Она закрыла глаза. Я немного побыл с ней. Ее рука лежала на моей, а я смотрел, как Лола дышит.
Я выделил третью лабораторию для себя одного, запретив лаборантам там появляться. Они мешали мне сосредоточиться. Слишком много шума, энергии, беспричинного смеха, криков, как будто они впервые в мире синтезировали сопряженную смесь, — я терпел это куда легче, пока у них не было серебряных глаз. Теперь же мне стало страшно заходить в помещения: страшно от их взглядов.
Они предложили сделать пару Z-линз для меня. Я ответил, что занят. Дело было в том, что мне не нравились Z-линзы. Вопреки логике. Они были чудом. Их должен был изготовить я. Но не изготовил, и это меня злило. Звучит, наверное, эгоистично. Но мне не нравилась технология, которую я не мог модифицировать. Я не был пользователем.
В третьей лаборатории я возился с Контурами, отлаживал программу, оптимизировал код. Забавы ради спроектировал руки. Всего лишь игра. Я не собирался заменять свои естественные руки. Не сию секунду. Но факт оставался фактом: у меня имелись искусственные пальцы, но их функциональность была ограничена из-за привязки к биологической руке. Так что мой интерес был поверхностным. Лучше всего работается без четко обозначенной цели. Я мог исследовать самые захватывающие идеи, а не те, которые скорее удовлетворят спецификации.
Одна из таких идей пришла мне в голову в лифте, после возвращения от Лолы. Я проехал в третью лабораторию и заперся внутри. Я вынул блокнот и начал рассеянно рисовать. В этой области я был профан. Я не знал, что можно, а чего нельзя. Но все-таки мысль мне нравилась. Я задумал сделать Лоле сердце.

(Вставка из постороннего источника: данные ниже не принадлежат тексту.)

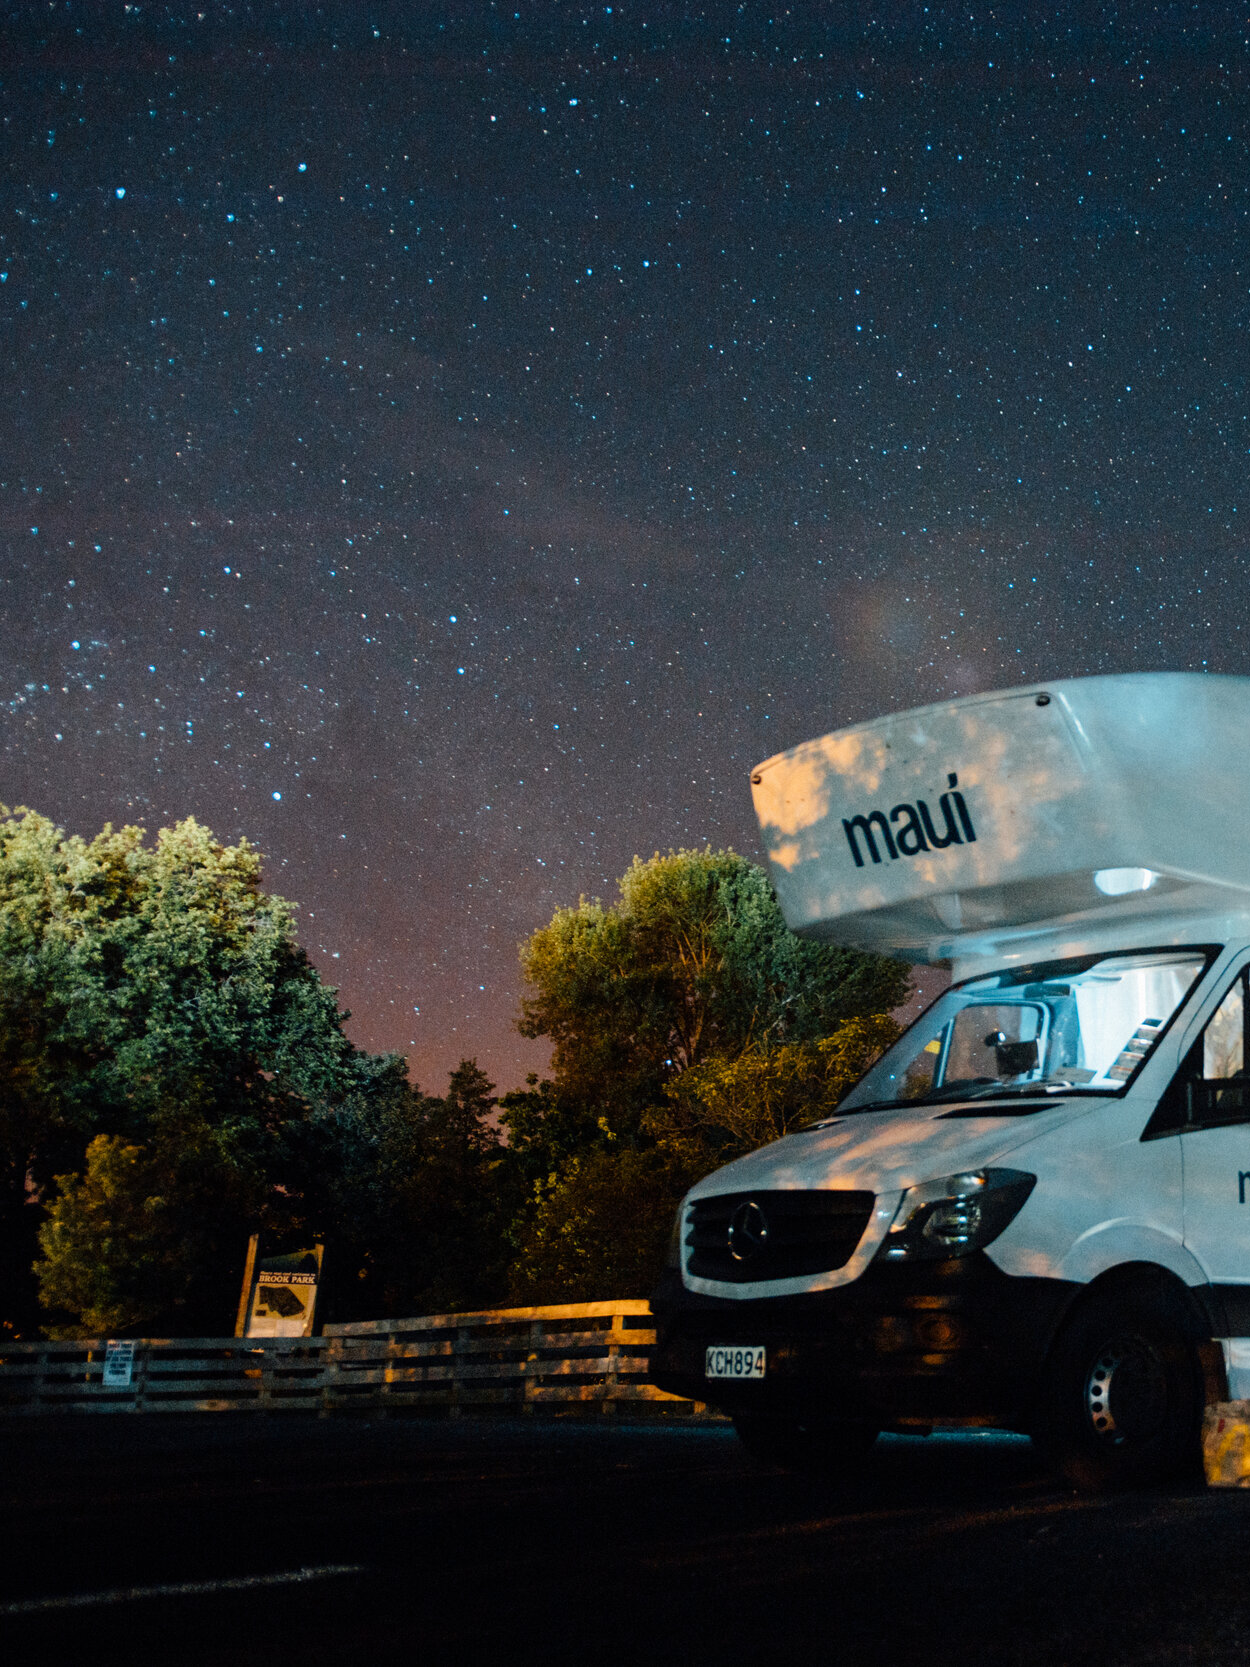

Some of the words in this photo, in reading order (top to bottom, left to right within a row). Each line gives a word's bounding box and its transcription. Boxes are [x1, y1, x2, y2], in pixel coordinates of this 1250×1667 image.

[258, 1275, 289, 1283] BROOK
[291, 1276, 315, 1284] PARK
[706, 1351, 763, 1375] KCH894

Лолу перевели в жилой отсек на верхнем уровне корпуса С. Итак, чтобы попасть к ней, мне теперь приходилось выйти из лифта и обогнуть внутренний дворик, минуя вестибюль. Я топотал, Контуры вовсю трудились поршнями, копыта стучали по ковру, люди оборачивались. Челюсти отвисали. Галстучники пятились, освобождая мне дорогу, а белохалатники подходили поближе. Им хотелось задать вопросы, рассказать о смежных проектах, попросить меня сфотографироваться с ними. Само внимание меня не раздражало, но задерживало, когда мне не терпелось увидеть Лолу. Пришлось найти обходной маршрут, пролегавший вне оживленных мест. Часть дороги была выложена плиткой, и первый же мой шаг пустил по ней паутину трещин. Я нерешительно помедлил. Затем пошел дальше.

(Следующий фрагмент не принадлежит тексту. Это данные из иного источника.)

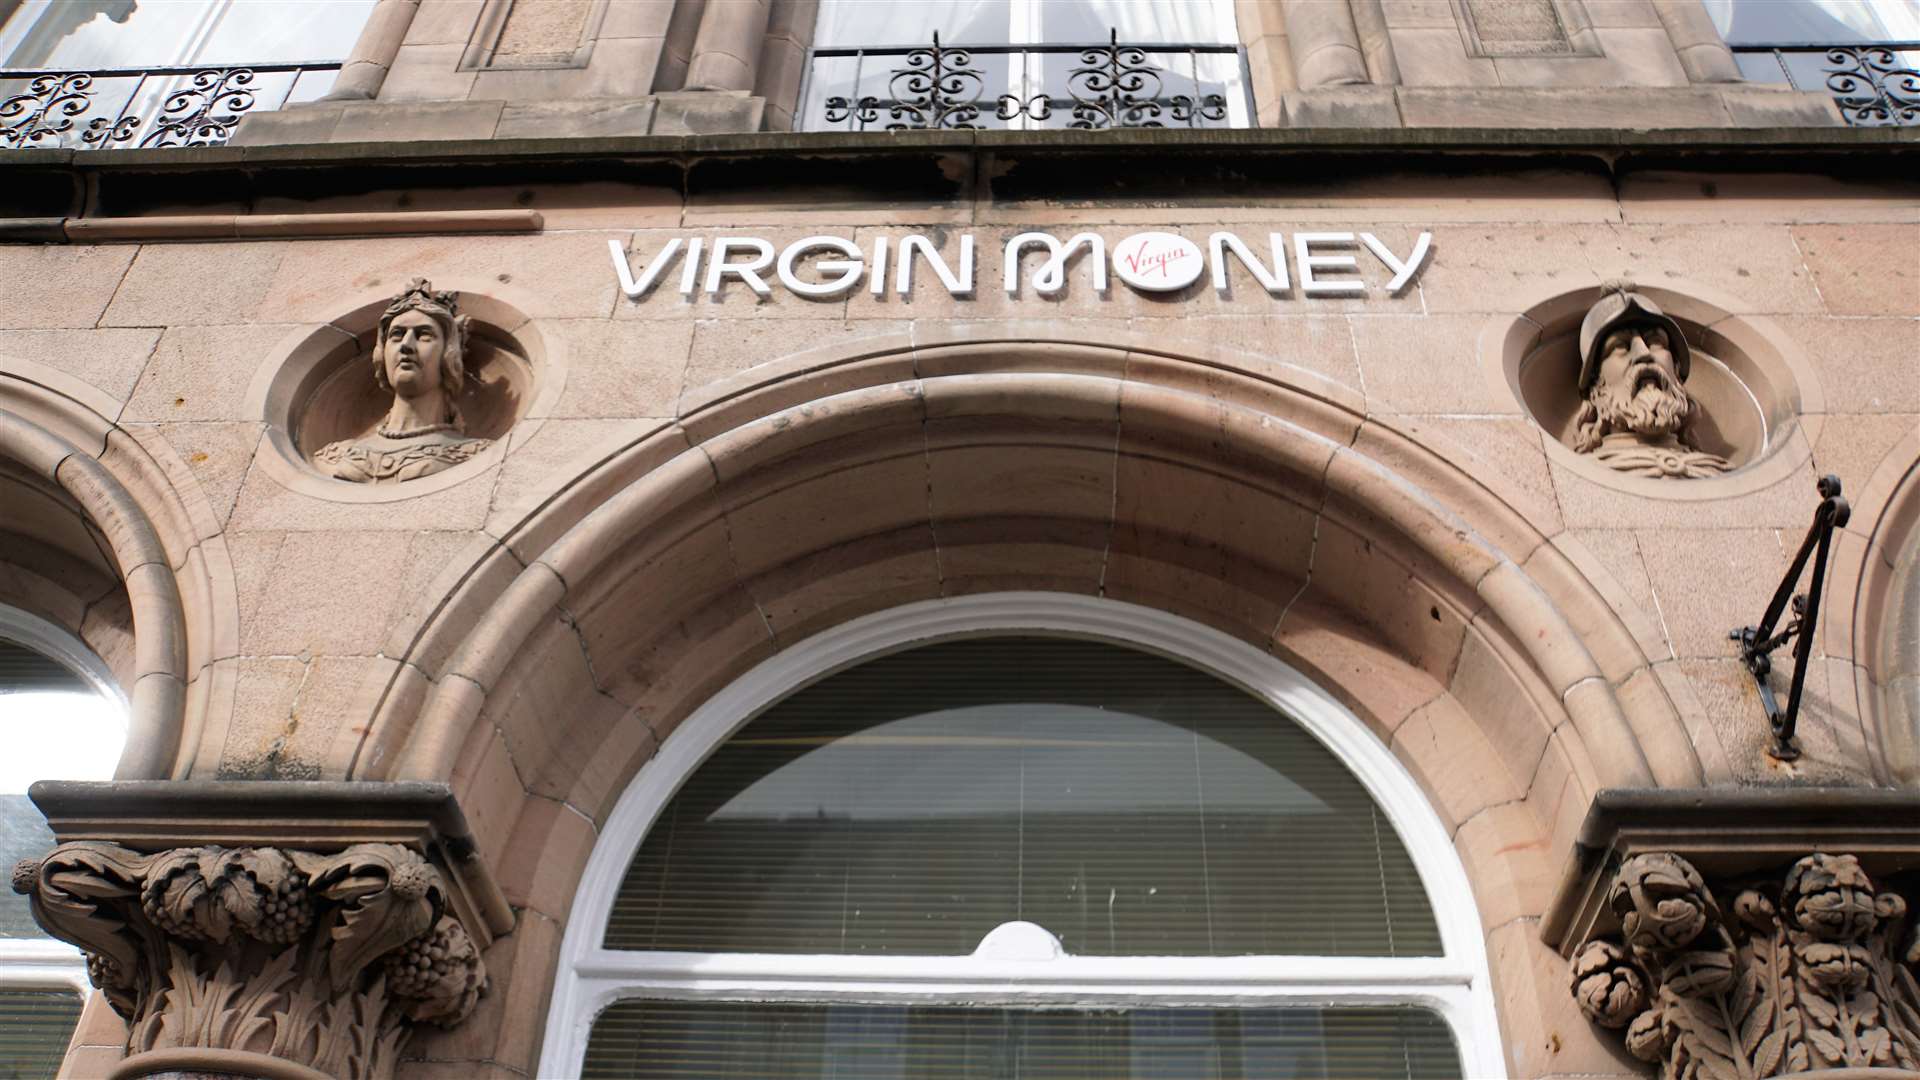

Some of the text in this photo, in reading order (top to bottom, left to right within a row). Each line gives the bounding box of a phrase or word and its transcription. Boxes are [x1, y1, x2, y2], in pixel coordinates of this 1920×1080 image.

[608, 231, 1432, 298] VIRGIN MONEY
[1125, 240, 1189, 278] Virgin

— Вам нужно устроить презентацию, — объявила Кассандра Котри, прислонившаяся к стене у номера Лолы. — Все о вас спрашивают.
— Хорошо.
— Ловлю вас на слове. — Она издала смешок. Я пришел в раздражение, потому что не хотел готовить презентацию. — Как вообще дела? Вы довольны?
— Да.
— Я смотрела отчет об этих очках, что ли.
— Z-линзы.
— Похоже, отличная вещь. — Она улыбнулась. — Мне самой очки никогда не были нужны. У меня всегда было двадцать на двадцать.[20] Просто повезло.
— Z-линзы дают результат лучше, чем двадцать на двадцать. Примерно двадцать на два. — (Кассандра Котри была сбита с толку.) — Двадцать на двадцать не означает идеального зрения. Это не двадцать из двадцати. Мы имеем дело с неправильным представлением. Речь лишь о том, что на двадцать футов вы видите как средний человек.
— Я не знала.
— Будь у вас хорошее зрение, вышло бы двадцать на восемнадцать. То есть вы бы видели с двадцати футов то, что среднему человеку видно с восемнадцати. Очень хороший показатель для человека — двадцать на пятнадцать. Может быть, двадцать на двенадцать. Но в этом случае вам нужно быть родом из кочевого племени. — Я бросил взгляд на ее светлые волосы. — Вряд ли у вас двадцать на двенадцать.
— Это точно.
— Двадцать на два — острота зрения ястреба.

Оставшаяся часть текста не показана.